Inside the Mind of an Extreme Athlete

  • Downhome Magazine
  • Posted: Dec 24, 2010 2:48 PM
In the January 2011 issue of Downhome, staff writer Linda Browne explores what makes extreme adventurers tick. See the January issue for comments from a duo of extreme swimmers and a sports psychologist. And she recently spoke to Olympic gold-medal winning skeleton racer Jon Montgomery - star of the Discovery Channel feature Best. Trip. Ever. that premiered on November 27, which saw Jon and his friends having extreme adventures - to find out what drives him.

Downhome: Obviously, you're someone who knows a thing or two about having drive and determination and reaching your goals. Is testing your full potential and pushing your body to the limit something that always appealed to you? Were you an adventurous type and thrill seeker even when you were a little kid?

Jon: I've always wanted to push the limits both in sport and as far as my boundaries were concerned both in class and at home growing up. I didn't usually quit till I got it right, got hurt too badly to continue, or got in trouble. I don't think much has changed.

Downhome: When you're getting ready to compete, how do you prepare yourself physically and mentally? What, in your opinion, is the quality that separates armchair athletes from extreme thrill seekers and limit-pushers?

Jon: While preparing to compete I do everything I can to make sure that my game plan is as complete as possible. I wanted to take today off from sliding and training to rest and recover but I couldn't stay away from the track because I'm having some issues and don't want to ever have doubts about my preparations. If you can go into a race with a calm about yourself because you have done everything you could possibly do, you can race with confidence and not doubt yourself. It's this confidence that will let an athlete be in the moment while laying it all on the line when it matters most, while competing.

Downhome: I just saw a preview for Best. Trip. Ever., and it looks awesome. How did the idea for the show come about?

Jon: They approached me with the concept and suggested that me and my three best buddies go on this adventure. I thought that it would make for a better experience and better TV if I went with my fiancée, coach and teammate. We are all really close and have travelled with each other extensively. Being natural and able to feed off each other I think is key to coming across well on TV. It was an awesome trip and much more demanding than I ever expected. We were doing 12-17 hour days of shooting extremely demanding extreme sports and recording everything. We've never done any TV before so it was all new to us but an absolute blast too. The crew was great and made it easy to be ourselves.

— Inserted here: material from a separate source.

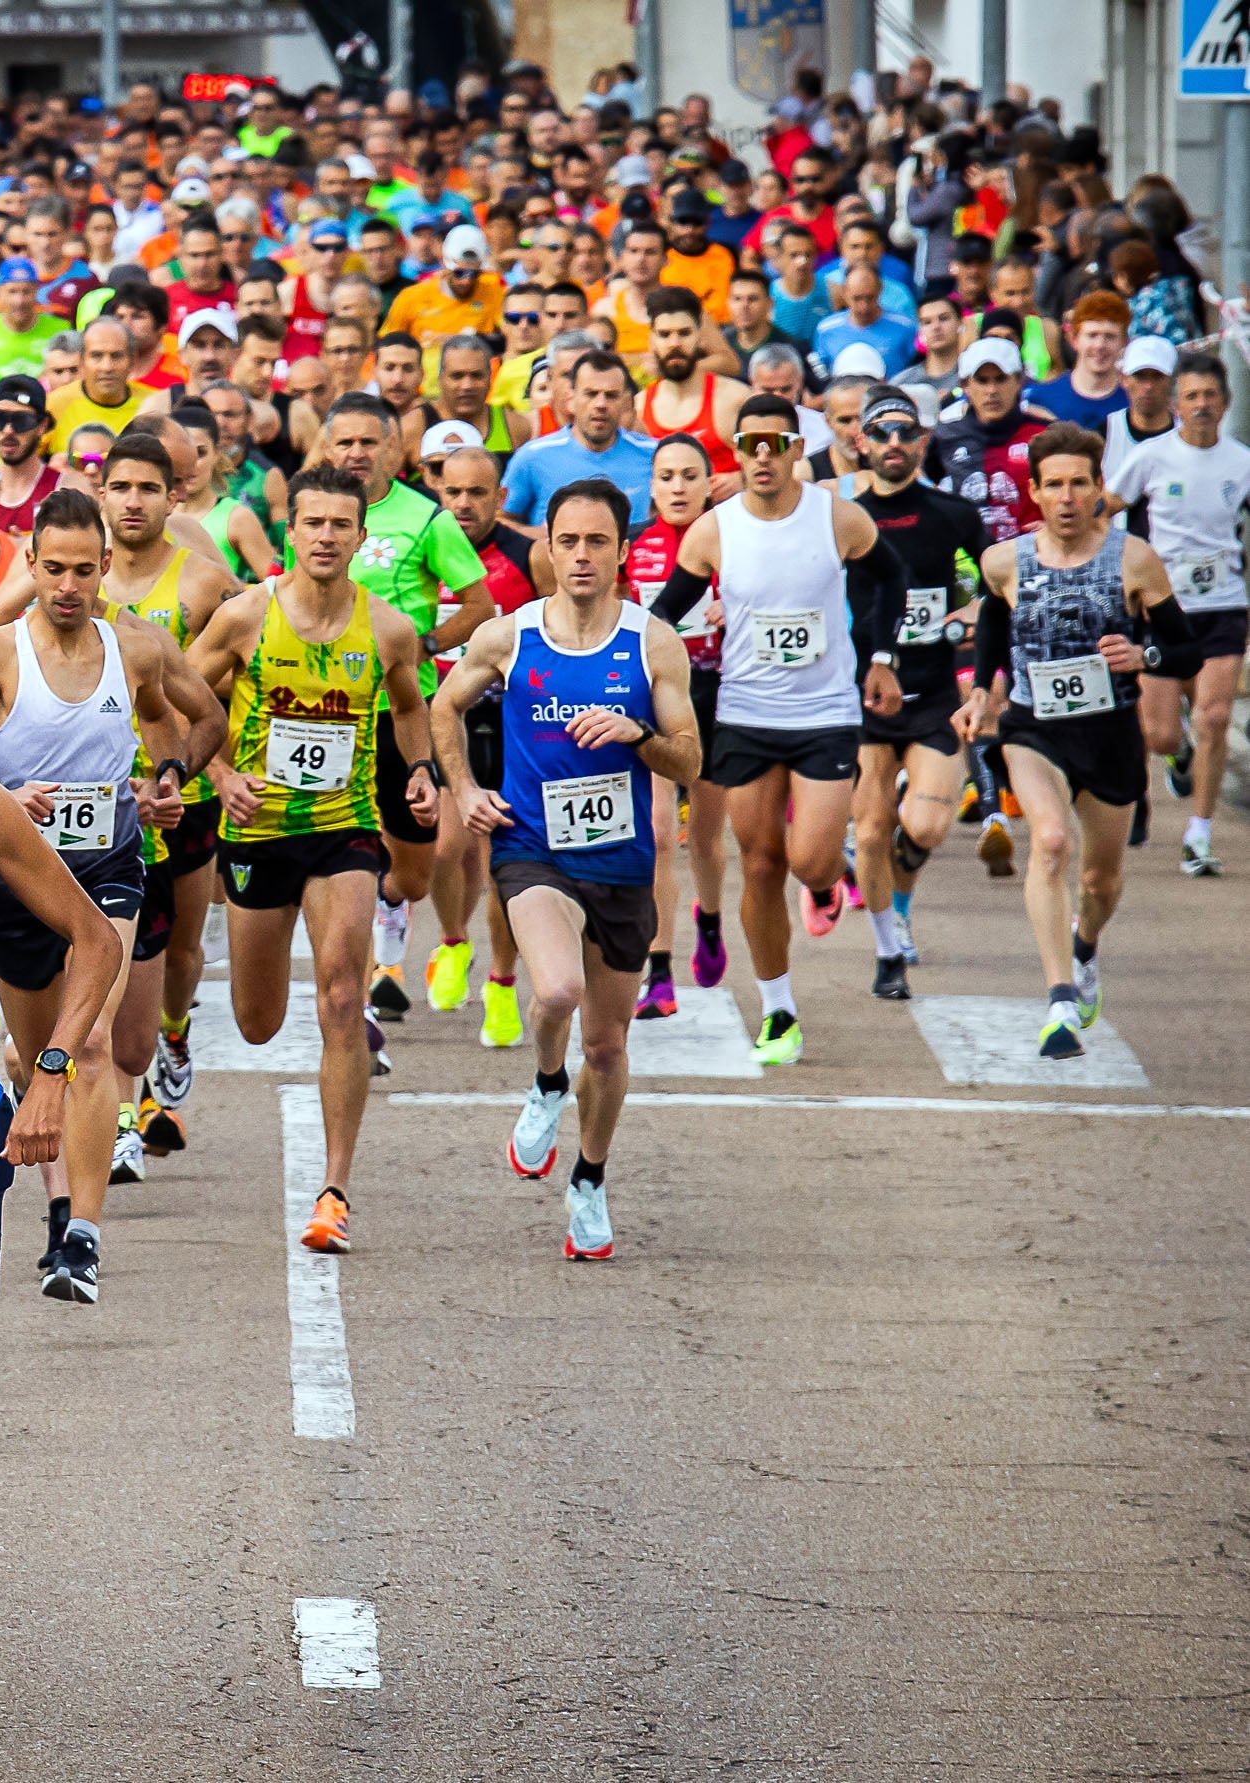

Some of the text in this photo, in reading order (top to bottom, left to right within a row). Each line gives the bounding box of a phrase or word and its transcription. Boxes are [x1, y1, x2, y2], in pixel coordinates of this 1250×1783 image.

[765, 627, 808, 649] 129
[1053, 675, 1084, 698] 96
[289, 744, 326, 770] 49
[562, 795, 613, 826] 140

Downhome: Out of all of the adventures you guys went on, what was the most challenging (or scary) for you? Any personal fears you had to face?

Jon: The most challenging was the downhill mountain bike heli drop. Because it was on the last day and I was both physically and mentally exhausted it was a real struggle to get off that mountain safely. The scariest adventure was the safest. Slack-lining was a real trip mentally but very safe. We were rigged up by the best pros out there and if we fell we just fell into an open expanse of 600 feet of air below us. There was nothing to hit but stepping out on an inch and a half tie-down strap that's stretched across a 100-foot gap with 600 feet of nothingness below you is tough to get your brain wrapped around. And it's not like it was over as soon as you jump like in skydiving or bungee jumping. You have to keep moving and get to the other side, which takes probably 5-7 minutes. That was cool.